Strictly speaking, the term “photonic ADC” used in this work is not entirely accurate because electronics plays a major role in the ADC operation, and only the front-end of the ADC works in the optical domain. A more precise term would be an “electronic-photonic ADC”, or a “photonics-assisted ADC”. However, for simplicity, the term “photonic ADC” is used here.

An important advantage of the ADC architecture described above is that it can be implemented on a silicon chip using silicon photonics technology. In [10], a part of the integrated ADC system shown in Fig. 1 was implemented on a silicon chip with a silicon Mach-Zehnder modulator, an array of microring resonator filters acting as a wavelength demultiplexer, and integrated photodetectors. The time-wavelength pulse interleaver was created off-chip using discrete optical components. This work focuses on the implementation of the pulse interleaver on a silicon chip.

The schematic diagram of the integrated time-wavelength pulse interleaver realized in this work is shown in Fig. 2. The wavelength demultiplexer at the input of the interleaver is implemented as an array of single-ring resonator filters. To introduce differential delays between the demultiplexed pulse trains, waveguides of appropriate length are used.

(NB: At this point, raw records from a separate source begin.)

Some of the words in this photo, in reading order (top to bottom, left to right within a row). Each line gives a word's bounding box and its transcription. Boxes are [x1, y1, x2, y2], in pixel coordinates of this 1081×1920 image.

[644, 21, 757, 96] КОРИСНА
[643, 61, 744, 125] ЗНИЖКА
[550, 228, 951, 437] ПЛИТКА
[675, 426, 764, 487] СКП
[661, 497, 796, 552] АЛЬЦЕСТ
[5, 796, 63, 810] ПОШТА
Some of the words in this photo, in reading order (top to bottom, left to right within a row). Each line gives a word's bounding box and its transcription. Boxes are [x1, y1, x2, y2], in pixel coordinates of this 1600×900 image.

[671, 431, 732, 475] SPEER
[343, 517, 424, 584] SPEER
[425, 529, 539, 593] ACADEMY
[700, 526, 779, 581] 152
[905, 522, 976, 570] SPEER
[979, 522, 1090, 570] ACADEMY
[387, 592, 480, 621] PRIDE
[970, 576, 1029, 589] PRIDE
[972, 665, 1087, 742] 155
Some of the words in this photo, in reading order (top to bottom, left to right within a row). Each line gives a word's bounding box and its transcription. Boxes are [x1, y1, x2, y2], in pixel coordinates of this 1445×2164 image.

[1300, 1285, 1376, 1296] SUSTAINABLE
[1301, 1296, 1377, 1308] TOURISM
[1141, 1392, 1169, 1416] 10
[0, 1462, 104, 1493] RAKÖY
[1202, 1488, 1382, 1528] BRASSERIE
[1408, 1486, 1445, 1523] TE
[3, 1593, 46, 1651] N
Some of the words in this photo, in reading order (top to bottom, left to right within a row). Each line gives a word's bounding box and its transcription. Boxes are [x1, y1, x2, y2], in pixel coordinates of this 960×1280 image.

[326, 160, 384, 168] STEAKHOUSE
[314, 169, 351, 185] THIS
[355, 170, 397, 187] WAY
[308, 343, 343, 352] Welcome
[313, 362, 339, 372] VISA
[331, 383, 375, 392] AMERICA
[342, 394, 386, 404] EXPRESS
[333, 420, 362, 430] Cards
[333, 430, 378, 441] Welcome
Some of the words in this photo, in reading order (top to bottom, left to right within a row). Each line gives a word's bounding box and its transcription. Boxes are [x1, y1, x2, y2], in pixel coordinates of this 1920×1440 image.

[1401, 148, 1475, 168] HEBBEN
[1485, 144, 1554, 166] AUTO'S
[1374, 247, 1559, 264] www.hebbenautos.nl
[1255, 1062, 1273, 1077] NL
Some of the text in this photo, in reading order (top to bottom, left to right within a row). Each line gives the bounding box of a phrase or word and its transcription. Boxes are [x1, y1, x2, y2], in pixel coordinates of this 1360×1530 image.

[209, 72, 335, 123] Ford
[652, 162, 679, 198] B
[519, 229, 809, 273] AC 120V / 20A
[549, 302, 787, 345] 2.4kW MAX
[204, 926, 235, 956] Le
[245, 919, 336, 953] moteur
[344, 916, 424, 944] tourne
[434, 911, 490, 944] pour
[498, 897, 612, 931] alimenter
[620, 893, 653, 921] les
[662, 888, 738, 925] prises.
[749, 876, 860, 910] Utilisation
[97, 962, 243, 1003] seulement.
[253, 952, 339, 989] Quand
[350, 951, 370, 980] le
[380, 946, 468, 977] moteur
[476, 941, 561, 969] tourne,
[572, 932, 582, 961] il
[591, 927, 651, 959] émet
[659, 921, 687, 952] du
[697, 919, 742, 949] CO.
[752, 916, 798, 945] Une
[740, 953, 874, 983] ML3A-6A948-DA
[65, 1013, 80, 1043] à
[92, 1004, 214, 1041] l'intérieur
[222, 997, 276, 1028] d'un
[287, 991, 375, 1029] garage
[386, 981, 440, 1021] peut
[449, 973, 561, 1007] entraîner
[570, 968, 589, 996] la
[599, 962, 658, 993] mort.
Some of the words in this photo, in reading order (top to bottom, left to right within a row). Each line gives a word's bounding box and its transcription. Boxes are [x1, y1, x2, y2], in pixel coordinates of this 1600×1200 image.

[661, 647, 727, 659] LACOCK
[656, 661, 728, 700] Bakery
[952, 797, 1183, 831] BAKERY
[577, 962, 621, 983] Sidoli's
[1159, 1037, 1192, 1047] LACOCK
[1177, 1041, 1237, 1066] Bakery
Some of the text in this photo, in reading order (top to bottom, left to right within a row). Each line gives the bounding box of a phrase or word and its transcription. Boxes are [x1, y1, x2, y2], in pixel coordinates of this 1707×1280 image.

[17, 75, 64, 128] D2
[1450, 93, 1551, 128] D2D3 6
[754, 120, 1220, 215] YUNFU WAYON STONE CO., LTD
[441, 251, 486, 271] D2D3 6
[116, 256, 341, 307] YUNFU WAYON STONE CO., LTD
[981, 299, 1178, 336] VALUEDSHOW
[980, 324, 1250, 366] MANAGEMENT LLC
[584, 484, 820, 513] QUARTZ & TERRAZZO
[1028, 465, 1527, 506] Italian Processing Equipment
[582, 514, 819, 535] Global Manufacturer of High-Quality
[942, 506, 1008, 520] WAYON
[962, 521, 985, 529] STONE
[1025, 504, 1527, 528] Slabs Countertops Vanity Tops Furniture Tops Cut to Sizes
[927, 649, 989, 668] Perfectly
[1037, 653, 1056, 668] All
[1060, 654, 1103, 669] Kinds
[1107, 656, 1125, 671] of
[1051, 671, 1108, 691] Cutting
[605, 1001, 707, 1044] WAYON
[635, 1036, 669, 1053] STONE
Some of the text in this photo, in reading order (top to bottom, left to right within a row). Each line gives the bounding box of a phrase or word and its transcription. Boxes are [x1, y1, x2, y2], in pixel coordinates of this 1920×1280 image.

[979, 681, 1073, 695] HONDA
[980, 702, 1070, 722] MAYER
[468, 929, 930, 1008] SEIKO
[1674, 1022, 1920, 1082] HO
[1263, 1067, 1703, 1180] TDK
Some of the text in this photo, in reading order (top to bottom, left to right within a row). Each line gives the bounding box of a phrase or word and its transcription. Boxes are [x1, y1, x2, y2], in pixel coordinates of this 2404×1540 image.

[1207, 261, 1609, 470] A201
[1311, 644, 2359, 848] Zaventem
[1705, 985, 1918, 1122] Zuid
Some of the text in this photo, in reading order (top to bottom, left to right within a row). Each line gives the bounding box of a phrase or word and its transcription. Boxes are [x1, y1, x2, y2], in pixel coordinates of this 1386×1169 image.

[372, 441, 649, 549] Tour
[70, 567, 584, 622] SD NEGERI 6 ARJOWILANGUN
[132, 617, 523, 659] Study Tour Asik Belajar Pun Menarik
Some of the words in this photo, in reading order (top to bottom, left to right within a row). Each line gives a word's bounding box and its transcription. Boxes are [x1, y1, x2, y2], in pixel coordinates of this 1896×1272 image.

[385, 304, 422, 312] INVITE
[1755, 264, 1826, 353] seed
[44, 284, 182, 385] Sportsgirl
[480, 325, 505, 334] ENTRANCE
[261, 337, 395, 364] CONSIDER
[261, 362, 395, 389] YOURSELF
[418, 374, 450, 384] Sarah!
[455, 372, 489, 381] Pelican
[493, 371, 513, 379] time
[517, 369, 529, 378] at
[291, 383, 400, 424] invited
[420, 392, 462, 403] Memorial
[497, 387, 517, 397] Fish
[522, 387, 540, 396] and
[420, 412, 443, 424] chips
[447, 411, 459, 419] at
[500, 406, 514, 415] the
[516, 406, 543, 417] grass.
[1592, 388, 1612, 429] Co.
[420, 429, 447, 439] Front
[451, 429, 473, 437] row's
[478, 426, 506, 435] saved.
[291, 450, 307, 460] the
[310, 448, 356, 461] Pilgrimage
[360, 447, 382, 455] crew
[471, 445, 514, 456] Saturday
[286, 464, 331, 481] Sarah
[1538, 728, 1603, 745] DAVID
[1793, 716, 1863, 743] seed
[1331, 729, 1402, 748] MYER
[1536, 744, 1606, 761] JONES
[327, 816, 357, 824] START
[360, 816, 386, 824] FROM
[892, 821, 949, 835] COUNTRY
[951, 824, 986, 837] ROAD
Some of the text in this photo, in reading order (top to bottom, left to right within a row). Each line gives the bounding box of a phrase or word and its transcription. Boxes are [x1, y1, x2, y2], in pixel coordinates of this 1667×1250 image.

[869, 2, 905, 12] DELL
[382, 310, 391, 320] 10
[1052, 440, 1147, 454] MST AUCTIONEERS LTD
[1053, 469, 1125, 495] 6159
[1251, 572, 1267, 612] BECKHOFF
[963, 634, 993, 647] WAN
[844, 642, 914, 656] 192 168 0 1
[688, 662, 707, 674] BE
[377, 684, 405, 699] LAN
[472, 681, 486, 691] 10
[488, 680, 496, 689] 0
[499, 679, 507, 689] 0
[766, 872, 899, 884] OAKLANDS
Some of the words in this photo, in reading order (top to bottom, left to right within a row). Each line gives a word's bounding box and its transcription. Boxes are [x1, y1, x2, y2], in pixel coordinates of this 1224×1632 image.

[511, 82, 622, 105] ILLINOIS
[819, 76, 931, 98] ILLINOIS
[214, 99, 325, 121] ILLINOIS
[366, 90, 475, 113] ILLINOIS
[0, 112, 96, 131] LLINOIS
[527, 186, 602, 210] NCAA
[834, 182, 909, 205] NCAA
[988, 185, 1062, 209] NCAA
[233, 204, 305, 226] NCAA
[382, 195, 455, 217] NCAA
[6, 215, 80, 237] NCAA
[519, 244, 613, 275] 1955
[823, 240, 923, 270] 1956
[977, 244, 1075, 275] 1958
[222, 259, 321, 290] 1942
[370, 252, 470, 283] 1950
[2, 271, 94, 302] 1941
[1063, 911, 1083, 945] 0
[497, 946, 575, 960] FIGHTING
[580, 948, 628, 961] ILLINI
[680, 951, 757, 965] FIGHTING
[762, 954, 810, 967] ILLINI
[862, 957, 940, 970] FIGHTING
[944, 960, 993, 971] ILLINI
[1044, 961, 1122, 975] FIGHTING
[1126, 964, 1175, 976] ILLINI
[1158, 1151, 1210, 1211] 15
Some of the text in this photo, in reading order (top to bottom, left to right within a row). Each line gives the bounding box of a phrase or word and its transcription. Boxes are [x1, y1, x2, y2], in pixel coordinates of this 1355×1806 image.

The delayed pulse trains are multiplexed into the output waveguide with another array of single-ring resonator filters, with center wavelengths matching the wavelengths of the input filters. The 4-channel interleaver is implemented on a silicon photonic chip with a 220 nm-thick Si layer and a 2μm BOX oxide. The layout of the interleaver is shown in Fig. 3, together with the relevant parameters of the design.

 

Fig. 2 Diagram of the 4-channel interleaver implemented on a silicon chip. The input wavelength demultiplexer and the output wavelength multiplexer are implemented as arrays of microring resonator filters, and the delay lines are realized as long sections of Si waveguides.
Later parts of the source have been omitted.